After Mrs. Haufler made these calls, her hands were bound with a plastic, self-locking electrical cable tie about one foot long. She was ordered into her family’s large Chevrolet Suburban wagon, leaving her four-year-old daughter alone in the house, and forced to kneel in the floor well of the passenger seat. Her abductor then drove a short distance to an isolated area in the Texas hill country. There he strapped her to the car with additional cable ties. Mrs. Haufler, in the seventh or eighth month of pregnancy, was then abandoned.
Back in Kerrville, Mr. Haufler informed his supervisors about the call. Bank officers contacted local police and the Federal Bureau of Investigation (FBI) and began to assemble the funds demanded. Local police quickly established surveillance positions around the telephone company. Mr. Haufler went to the pay phone without the money but accompanied by another bank employee. When the phone rang, Mr. Haufler answered and said he did not have the money together yet. He was told to come back to the same phone with the money but not to have anyone else with him. Mr. Haufler had not mentioned that he had anyone with him, and he realized that he was being watched. Surveillance officers noticed a dark blue pickup truck with dual rear wheels and a door painted a different color than the rest of the vehicle parked at a convenience store with a clear line of sight to the phone.
Mr. Haufler returned in a few minutes with $100,000 drawn from bank funds and received another call, and he was then directed from pay phone to pay phone around town, receiving further instructions from the same caller at each phone, for about an hour, when he finally was directed to go to a scenic overlook point near town and to look for further instructions in a trash can there. Police followed at some distance in three unmarked vehicles, unwilling to use radio communications for fear that they might be overheard if an extortionist had a radio scanner that could receive police broadcasts.
In a trash can at the scenic overlook, Mr.

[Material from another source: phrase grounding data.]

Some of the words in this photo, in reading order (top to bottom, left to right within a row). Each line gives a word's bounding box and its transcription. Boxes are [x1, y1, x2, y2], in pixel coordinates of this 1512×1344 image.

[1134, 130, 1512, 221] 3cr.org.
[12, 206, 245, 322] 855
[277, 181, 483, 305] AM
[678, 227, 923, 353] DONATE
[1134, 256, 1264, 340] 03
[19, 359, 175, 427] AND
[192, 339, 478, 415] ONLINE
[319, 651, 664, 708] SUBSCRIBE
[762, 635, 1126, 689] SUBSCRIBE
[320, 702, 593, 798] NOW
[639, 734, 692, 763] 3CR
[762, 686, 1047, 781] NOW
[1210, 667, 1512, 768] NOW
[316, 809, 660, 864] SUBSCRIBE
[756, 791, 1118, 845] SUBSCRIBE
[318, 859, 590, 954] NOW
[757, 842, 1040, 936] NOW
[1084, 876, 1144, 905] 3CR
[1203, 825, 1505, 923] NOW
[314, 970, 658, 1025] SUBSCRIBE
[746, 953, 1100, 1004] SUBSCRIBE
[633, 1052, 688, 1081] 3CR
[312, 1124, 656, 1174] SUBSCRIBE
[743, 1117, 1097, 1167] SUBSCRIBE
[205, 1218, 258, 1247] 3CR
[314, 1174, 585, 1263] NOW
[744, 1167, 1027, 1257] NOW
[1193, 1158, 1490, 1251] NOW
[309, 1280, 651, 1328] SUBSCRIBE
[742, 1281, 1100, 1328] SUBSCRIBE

Haufler found a typed three-by-five index card directing him to deposit the money in the trash can and to go back to town and wait at a pay phone for a call telling him where to find his wife. He obeyed these instructions, and the officers who followed him out into the countryside, unaware that he had dropped off the
money,
followed him back towards town. The officers decided to find out what instructions had been given at the overlook, and stopped Mr. Haufler, only then learning that the
money had been left behind. Officers returned to the scenic overlook, some driving past and one pulling into the parking area. Several officers observed the distinctive dual-wheel pickup stopped at one end of the overlook parking area with one man in the truck’s cab. One local officer driving past recognized Allen Bell at the wheel and also saw a man clad in a green fatigue jacket at the end of the scenic lookout parking area some thirty or forty yards from the truck. This officer believed that Allen Bell had recognized him and that Allen knew he was a police officer. Because other vehicles had pulled up near the trash can and departed, the officer who was in the parking area checked the trash can to see if anyone had removed the bag containing the money, but found that it was still there. The man wearing the green fatigue jacket was then seen to approach the dual-wheel vehicle, speak to the driver, and get into the truck. The dual-wheel pickup truck then left the scenic overlook area.
From a distance, one police vehicle followed the truck into town, staying far behind. The officers temporarily lost sight of the truck but soon located it again parked and empty. Shortly afterwards, two men approached and entered the truck, and one officer recognized the man then driving as appellant Ronald Bell and the passenger as his brother, Allen. Officers also determined that the truck was registered to appellant.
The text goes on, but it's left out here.